Background information
- Origin: Trinidad and Tobago
- Genres: Soca
- Years active: 2005–present
- Website: Kestheband.com

= Kes (band) =

Kes (commonly known as Kes the Band or KTB) is a Trinidadian soca group formed in 2005, known for their eclectic mix of R&B, Pop, Rock, Soca, EDM and reggae. The band originally comprised brothers Kees Dieffenthaller on lead vocals, drummer Hans Dieffenthaller, rhythm guitarist Jon Dieffenthaller along with friend Riad Boochoon on bass guitar. Hans was eventually replaced by Dean James with keyboardist Mario Callender and DJ Robbie Persaud appearing as supporting members. Since the band's inception, they've been elevated to mainstream popularity nationally and throughout the Caribbean diaspora.

In 2011, Kees was crowned T&T's International Groovy Soca Monarch The band's hit tune "Wotless" was also nominated for a 2011 BET Soul Train Music Award in the category of best Caribbean Performance. Another hit single called "Hello", released in 2017, has since earned the most digital streams of any soca song in the last decade. Kes teamed up with Iwer George to win both the 2020 T&T International Soca Monarch and Road March titles. The band has also collaborated with artistes such as Joss Stone, Shaggy, Busy Signal, Shenseea, Snoop Dogg, Major Lazer and Tesanne Chin.

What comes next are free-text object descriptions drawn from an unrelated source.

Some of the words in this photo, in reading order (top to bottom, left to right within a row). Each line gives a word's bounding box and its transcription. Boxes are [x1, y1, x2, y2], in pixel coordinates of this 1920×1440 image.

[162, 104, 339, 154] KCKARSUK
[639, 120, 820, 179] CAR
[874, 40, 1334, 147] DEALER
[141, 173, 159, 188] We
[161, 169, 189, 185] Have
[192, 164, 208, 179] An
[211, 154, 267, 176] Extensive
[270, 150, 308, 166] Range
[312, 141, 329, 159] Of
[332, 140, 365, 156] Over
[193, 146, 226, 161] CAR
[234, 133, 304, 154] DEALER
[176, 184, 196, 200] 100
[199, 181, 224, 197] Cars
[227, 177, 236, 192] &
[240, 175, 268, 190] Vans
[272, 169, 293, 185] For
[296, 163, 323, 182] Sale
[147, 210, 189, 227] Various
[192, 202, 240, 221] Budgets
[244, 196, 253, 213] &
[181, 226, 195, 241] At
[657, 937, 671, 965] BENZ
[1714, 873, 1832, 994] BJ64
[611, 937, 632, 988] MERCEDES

Kes the Band has released ten albums to date, Three Baldheads and a Dread, Lion, On in 5, Wotless, Stereotype, Wired, MadMen Productions Presents: Kes, Windows to the World, We Home, and Man With No Door.

==Origins==
Born to Deanna (née Prudent), a classical trained opera singer and accountant George “Bunny” Dieffenthaller, oldest son Hans began playing the drums at the age of 10. With younger brother Jon as bass player, both sought to form a garage band. When they got ahold of enough musicians, they eventually choose Kees as the band's lead singer. Performances were usually held on a stage that was built in the backyard of the Dieffenthaller home. Though the band waned off, the siblings' musical talents continued to blossom. As time went by Kees became a member of numerous choirs, theatre productions and other musical projects. At the age of 13, Kees formed an R&B group called KLAS, comprising former T&T Miss Universe Faye Alibocus, schoolmates Michael Zephyrine and Marc Alexander.

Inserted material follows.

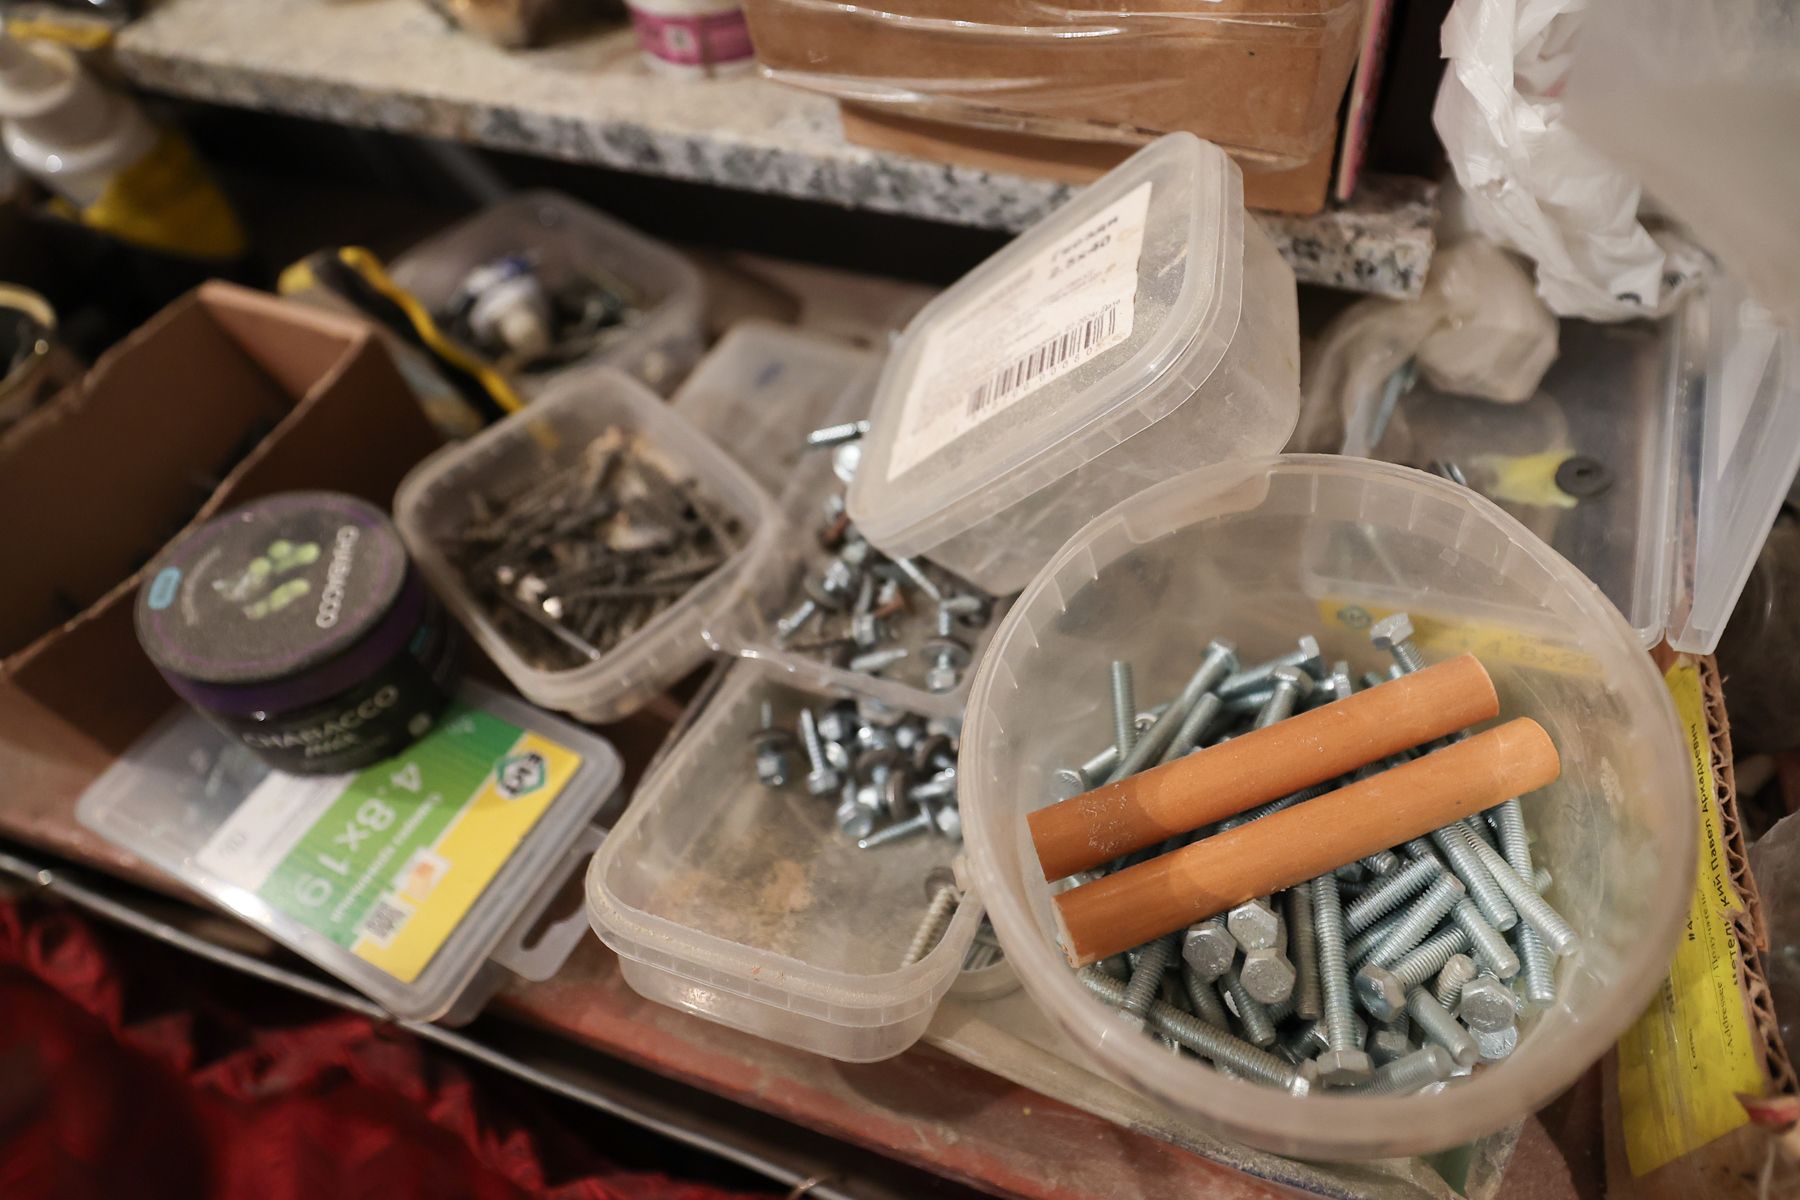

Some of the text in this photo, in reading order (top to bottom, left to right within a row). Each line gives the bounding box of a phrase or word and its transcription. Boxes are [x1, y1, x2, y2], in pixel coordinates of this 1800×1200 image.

Hans, Jon and Kees eventually attended Presentation College, San Fernando. At the college they met Riad Boochoon, a classically trained pianist who shared a mutual interest in music. Riad then and there began a longstanding relationship with the Dieffenthaller brothers. The foursome later formed the core of pop/rock outfits Limestone and Rydimorai.

== History ==
===2006–2007===
In 2006, Kes launched their debut album titled Three Baldheads and a Dread (a reference to the hairstyles of the band members). This album featured tracks such as "Stay with Me" and "Heads High". The track, "The Calling" was featured on the soundtrack of EA Sports' FIFA 06.

===2007–2008===
Kes released their second album, Lion, in 2007. The title song was popular among fans due to its inspiring and motivational lyrics. "My Land" a collaboration with Nadia Batson was a hit during the carnival season that year. "My Land" placed Kes and Nadia second in the Trinidad and Tobago International Soca Monarch Competition. Kes released other tracks such as "Our Prayer", and reggae-influenced songs "Limin" and "Bigger Brighter Day" from this album which received heavy rotation on local radio stations. Later in 2007, Kes released tracks that were more diverse, such as "Come a Little Closer" which also dominated local radio stations. In 2008, Kes' carnival releases included "Right Dey" and "De Remedy". Kes also released their music video for the single "Lion" in May.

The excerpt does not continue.